ADEA Protects Applicants as Well as Employees from Disparate Impact
The U.S. Supreme Court had previously ruled that the Age Discrimination in Employment Act prohibits employment practices that disparately impact older employees, and the U.S. Court of Appeals for the Seventh Circuit has now expanded that ruling to include applicants.

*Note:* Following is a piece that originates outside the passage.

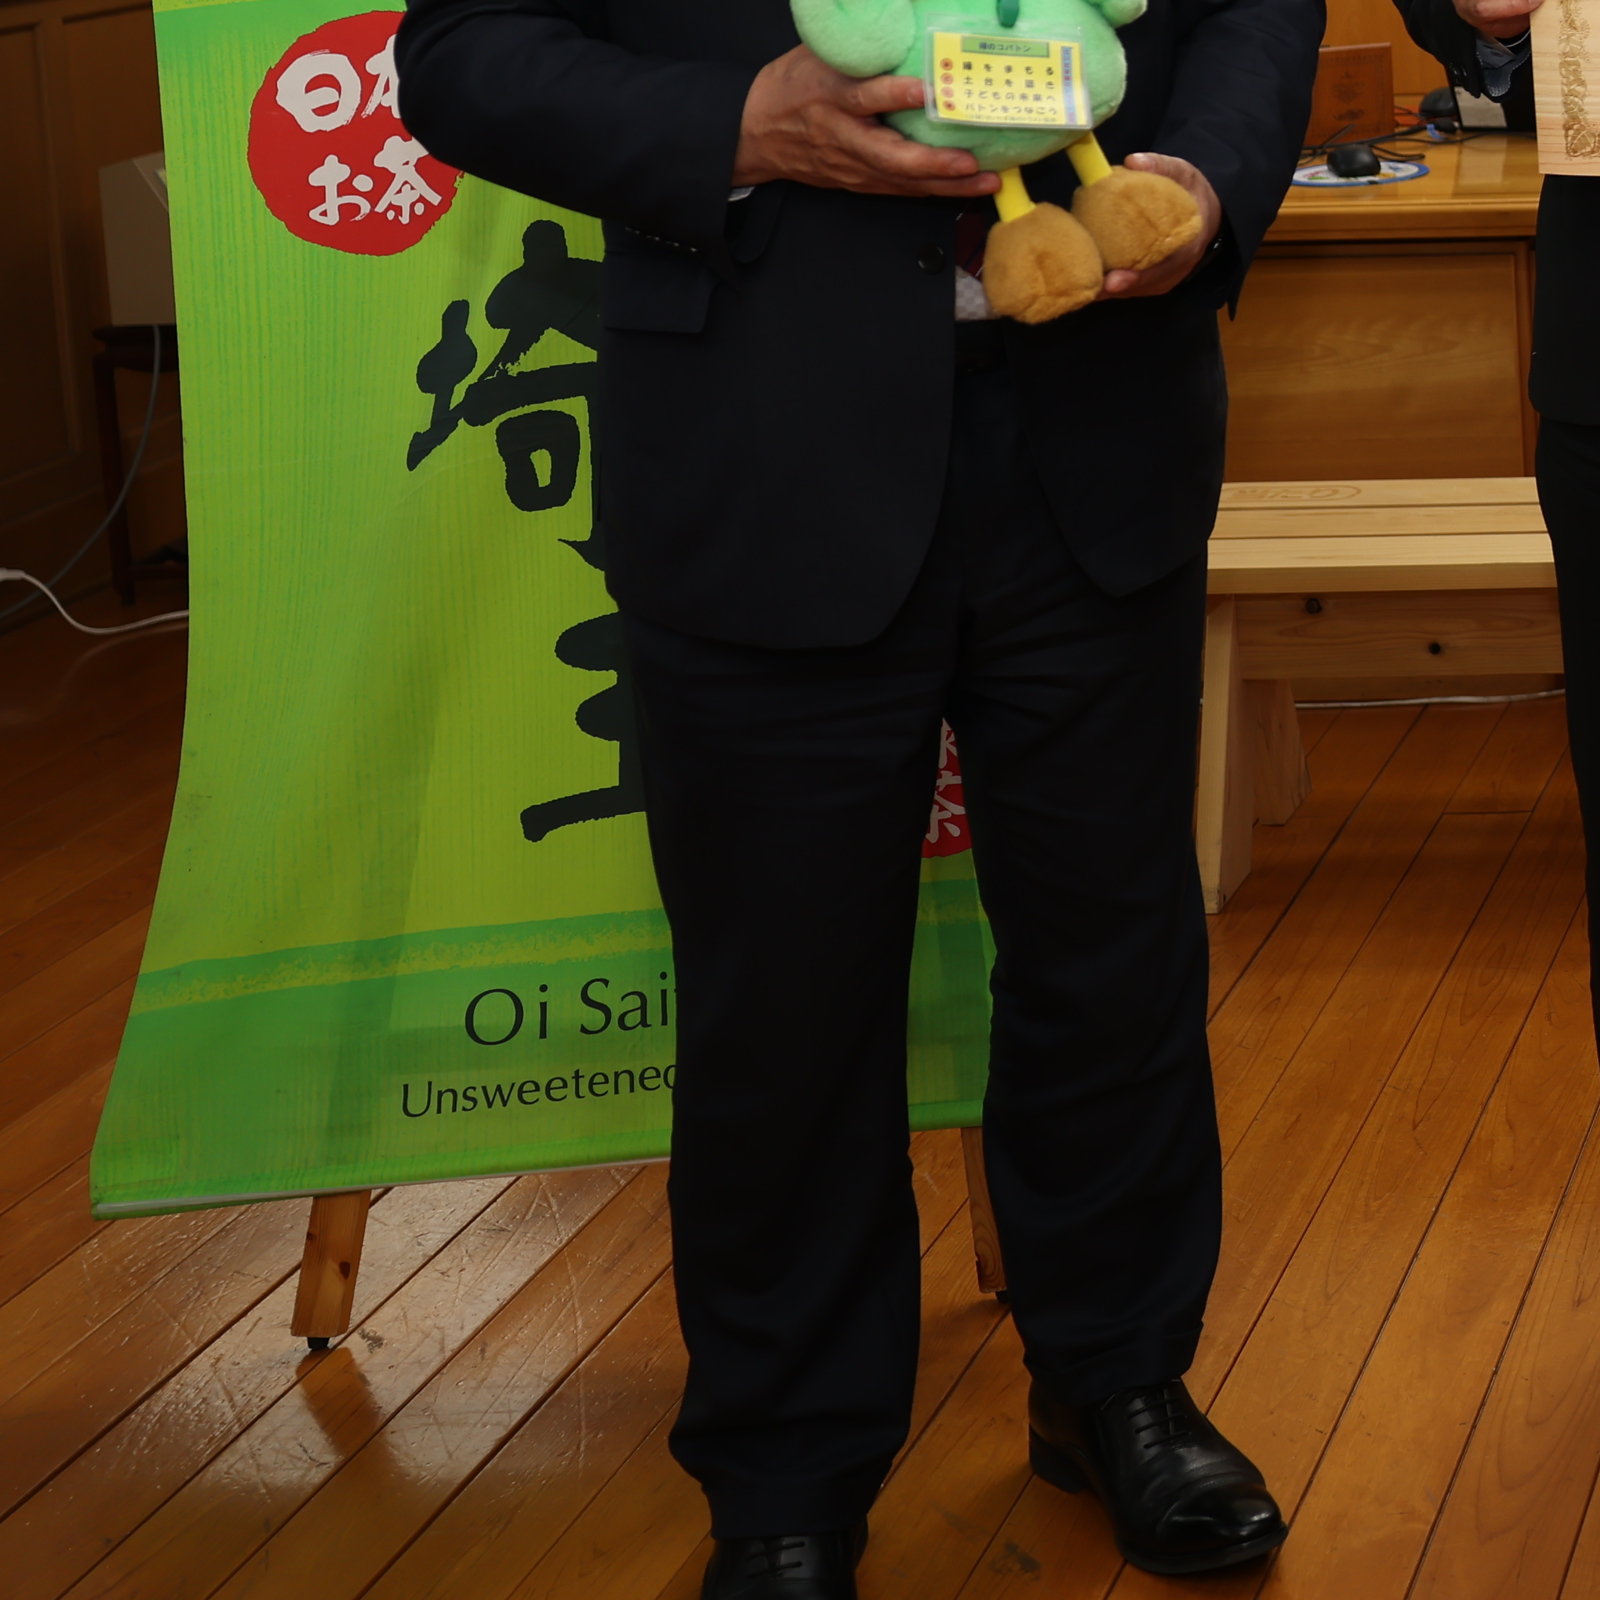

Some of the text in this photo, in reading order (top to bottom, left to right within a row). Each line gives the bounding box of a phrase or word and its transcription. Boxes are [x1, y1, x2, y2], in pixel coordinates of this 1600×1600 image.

[308, 135, 443, 226] お茶
[463, 969, 677, 1046] Oi Sai
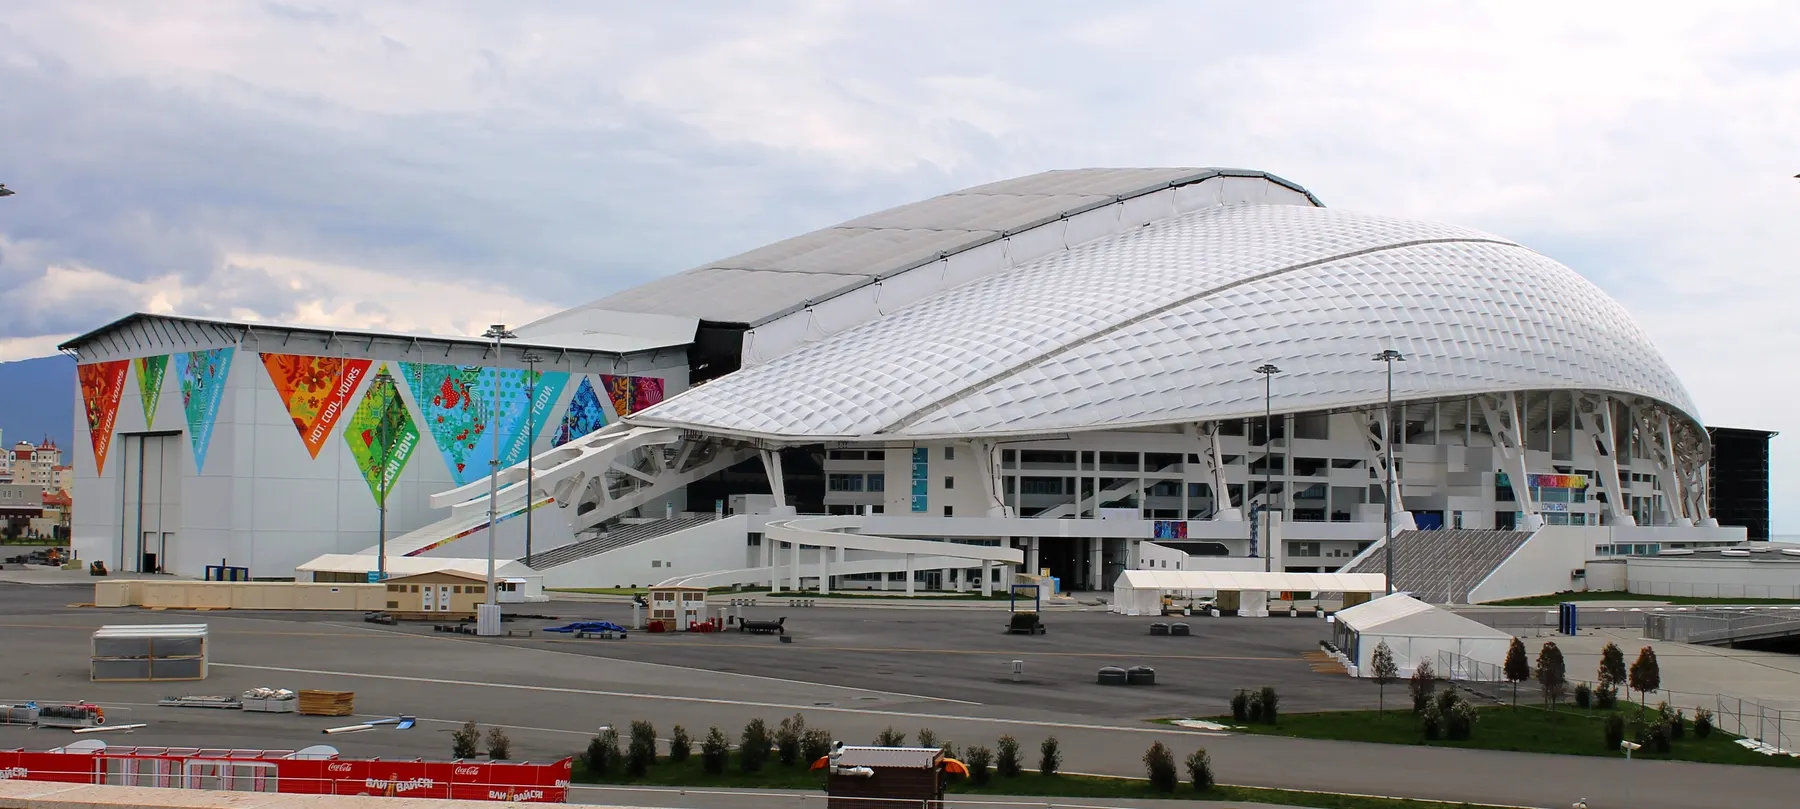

The Seventh Circuit, in Kleber v. CareFusion Corp., found that, although ADEA’s disparate impact provision does not expressly reference applicants, the broad language of the statute could be read to cover such individuals. Limiting the language to current employees would “leave a wide array of discriminatory hiring practices untouched.” Moreover, internal job applicants would have the ability to sue while outside applicants would not – an arbitrary result. The Seventh Circuit found that, in enacting ADEA, Congress was specifically concerned about the difficulty for older workers “to find jobs.” Furthermore, the Seventh Circuit found parallels between the language of Title VII and the ADEA, and the Supreme Court has recognized disparate impact claims for applicants under Title VII.
Notably, this ruling sets up a split among the federal appellate courts, with the Ninth Circuit coming to the opposite conclusion in the 2016 case of Villarreal v. R.J. Reynolds Tobacco Co. Accordingly, this issue may ultimately need to be resolved by the U.S. Supreme Court.